Adolescent oligodendrogenesis and myelination restrict neuronal plasticity in the mammalian cortex

Developmental myelination is a protracted process in the mammalian brain. One theory for why oligodendrocytes mature so slowly posits that myelination may stabilize neuronal circuits and temper neuronal plasticity as animals age. We tested this theory in the visual cortex, which has a well-defined critical period for experience-dependent neuronal plasticity. During adolescence, visual experience modulated oligodendrocyte maturation in visual cortex.
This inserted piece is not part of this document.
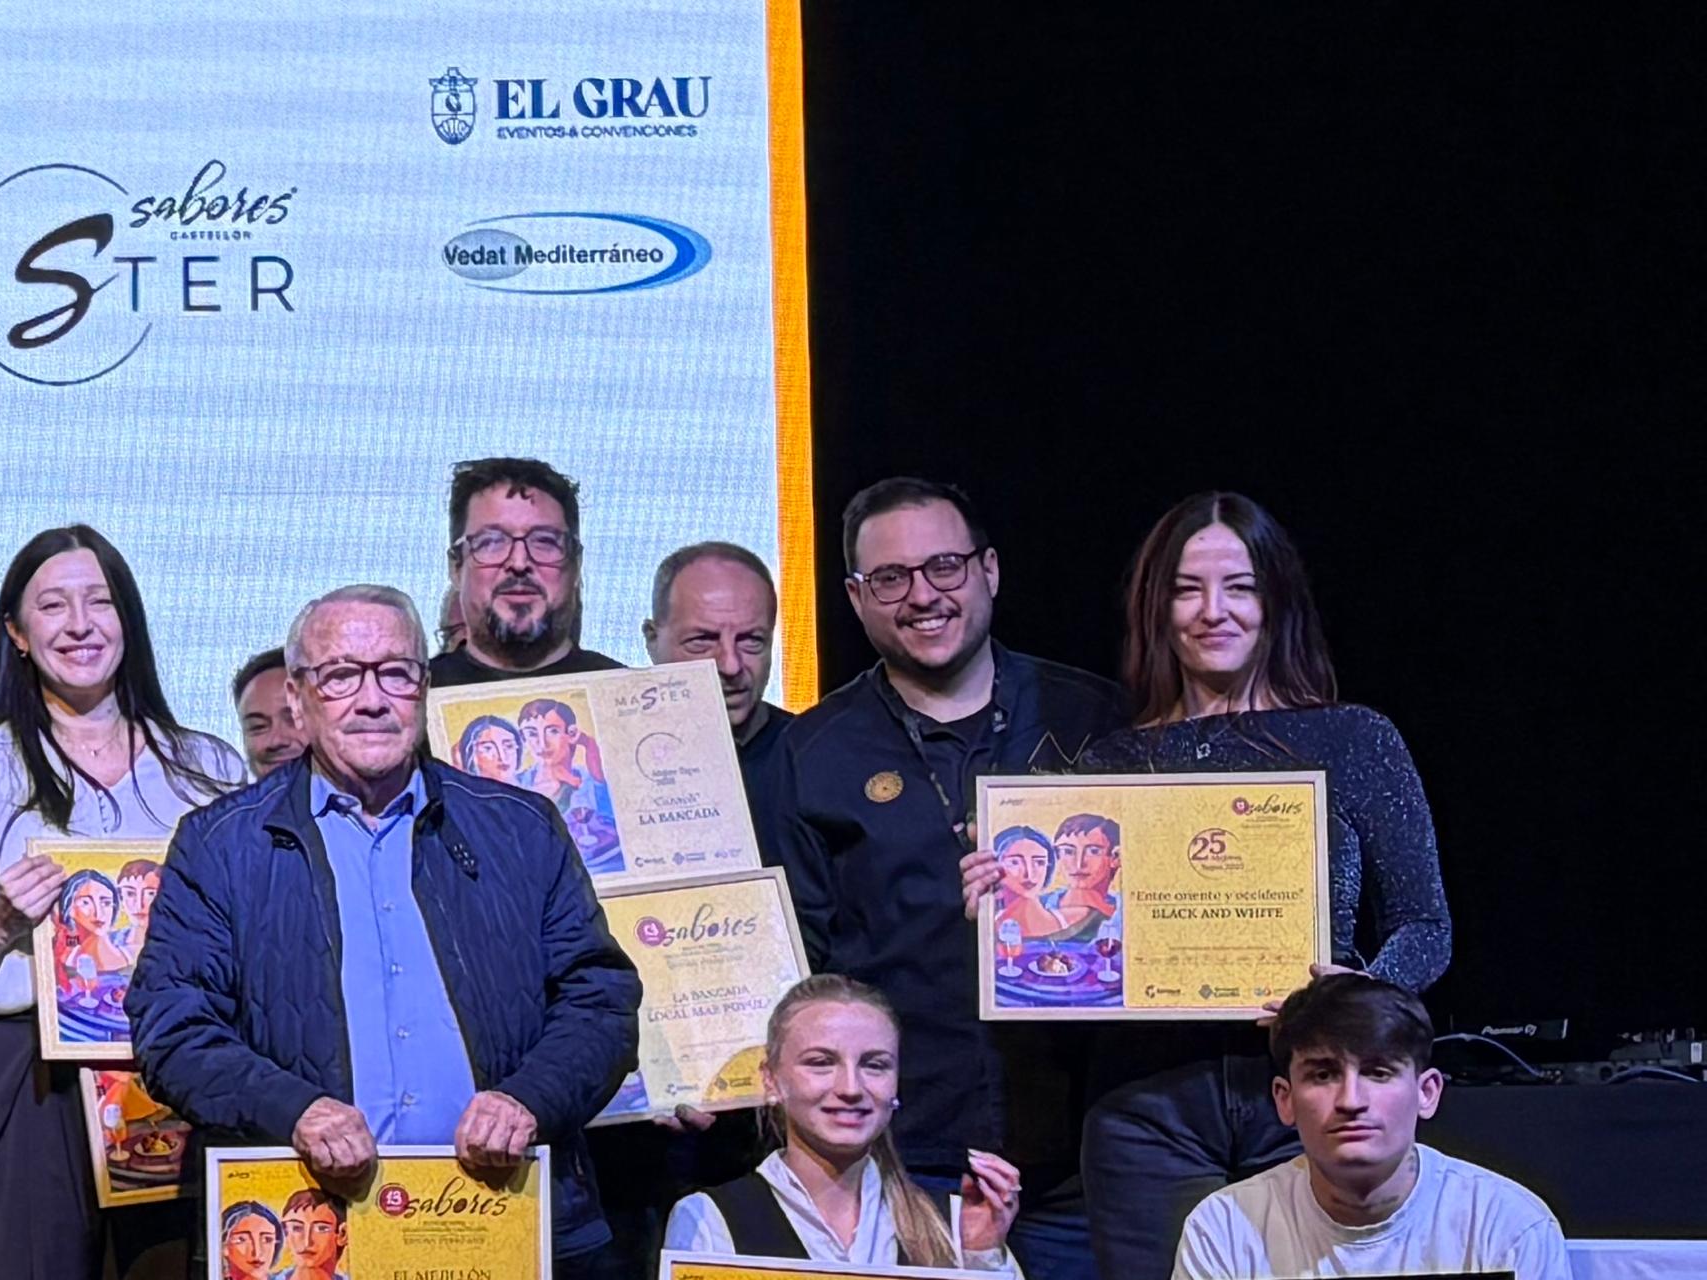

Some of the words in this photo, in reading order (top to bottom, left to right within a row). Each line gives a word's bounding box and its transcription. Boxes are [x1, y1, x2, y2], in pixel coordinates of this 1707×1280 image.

To determine whether oligodendrocyte maturation in turn regulates neuronal plasticity, we genetically blocked oligodendrocyte differentiation and myelination in adolescent mice. In adult control mice, visual cortex activity following monocular deprivation remained stable, as expected for post-critical period animals. By contrast, visual cortex responses to the deprived eye decreased significantly in mice with impaired adolescent oligodendrogenesis, reminiscent of the plasticity normally restricted to adolescent mice. Furthermore, visual cortex neurons in mice lacking adolescent oligodendrogenesis had fewer dendritic spines, a higher level of spine turnover, and exhibited spatially coordinated spine size decreases following monocular deprivation. These results establish a critical role for oligodendrocytes in shaping the maturation and stabilization of cortical circuits and support the concept of myelin acting as a brake on neuronal plasticity during development.